Орудуя поддельным Кодексом ночных, как злой следователь – томом Уголовного Кодекса, я сбил вурдалака на пол. Он оказался изрядно слаб на голову. Твердые корки переплета рассадили череп буквально в окрошку. Солдатик еще продолжал брыкаться, но шансов на победу у него больше не осталось. На ничью – и то не осталось.
Кажется, я уже говорил, что топор – один из самых уважаемых мною инструментов. Лопата на коротком черенке мало чем от него отличается. Доказано русскими солдатами. Настоящими солдатами, не этим ночным гнильем.

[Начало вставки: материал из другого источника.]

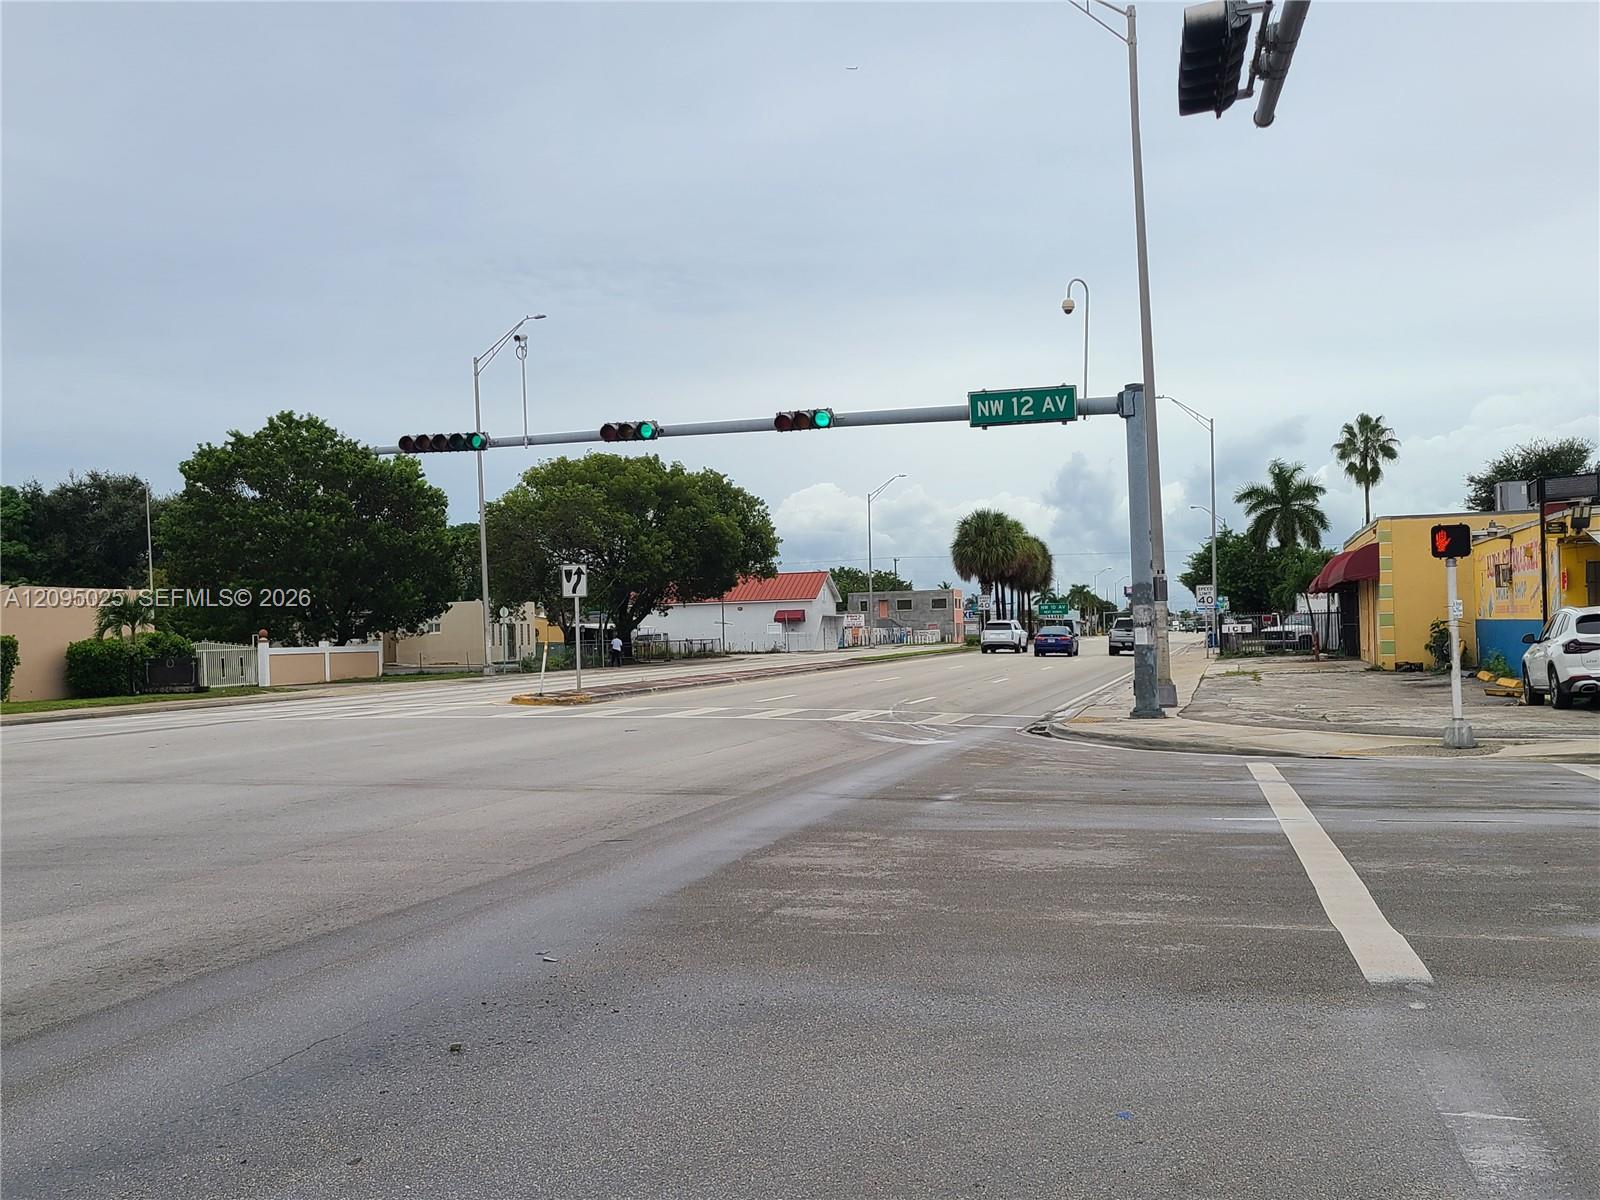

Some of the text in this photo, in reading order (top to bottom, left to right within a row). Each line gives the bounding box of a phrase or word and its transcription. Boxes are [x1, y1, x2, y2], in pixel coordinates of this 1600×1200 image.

[977, 395, 1067, 417] NW 12 AV
[1198, 596, 1214, 604] 40

Лопата была из дрянного железа, поэтому я оттяпал вурдалаку башку только с четвертого удара. Плахой послужило перевернутое ведро.
Оставшись без головы, упырь испарился так же качественно, как обычные светобоязненные и бессловесные низшие, оставив после себя лишь мокрые камуфляжные штаны да стоптанные берцовки.
Я надел кастет на левый кулак, сунул под мышку фальшивую Книгу Рафли, подхватил лопату. Хоть и помятая, она еще была способна послужить оружием раз-другой.
Поскольку снаружи никто не лез, я решил, что там больше никого нету. Либо Игнатьев меня недооценивал, отправив на перехват всего одного низшего (пусть и продвинутого), либо не верил, что я могу вернуться. Скорей второе. В любом случае, мне это было на руку. Эффект неожиданности – полезная штука.
Бочком, на полусогнутых, я выбрался из подсобки. Освещенная солнцем лестница манила вверх. Остающаяся в тени дверь тира под темно-коричневой эмалью предрекала целый ворох неприятностей. Хорошо, что на ней висел замок. Я двинулся навстречу дню.
Во дворе было пусто. Джип Байрактаров стоял с распахнутыми настежь дверцами. Лужайка возле него словно перенесла набег выводка кабанов – трава истоптана, а местами содрана. Совсем недавно там боролись, и боролись всерьез. Проигравшего отволокли в угольный склад, на что указывала дорожка из комков земли.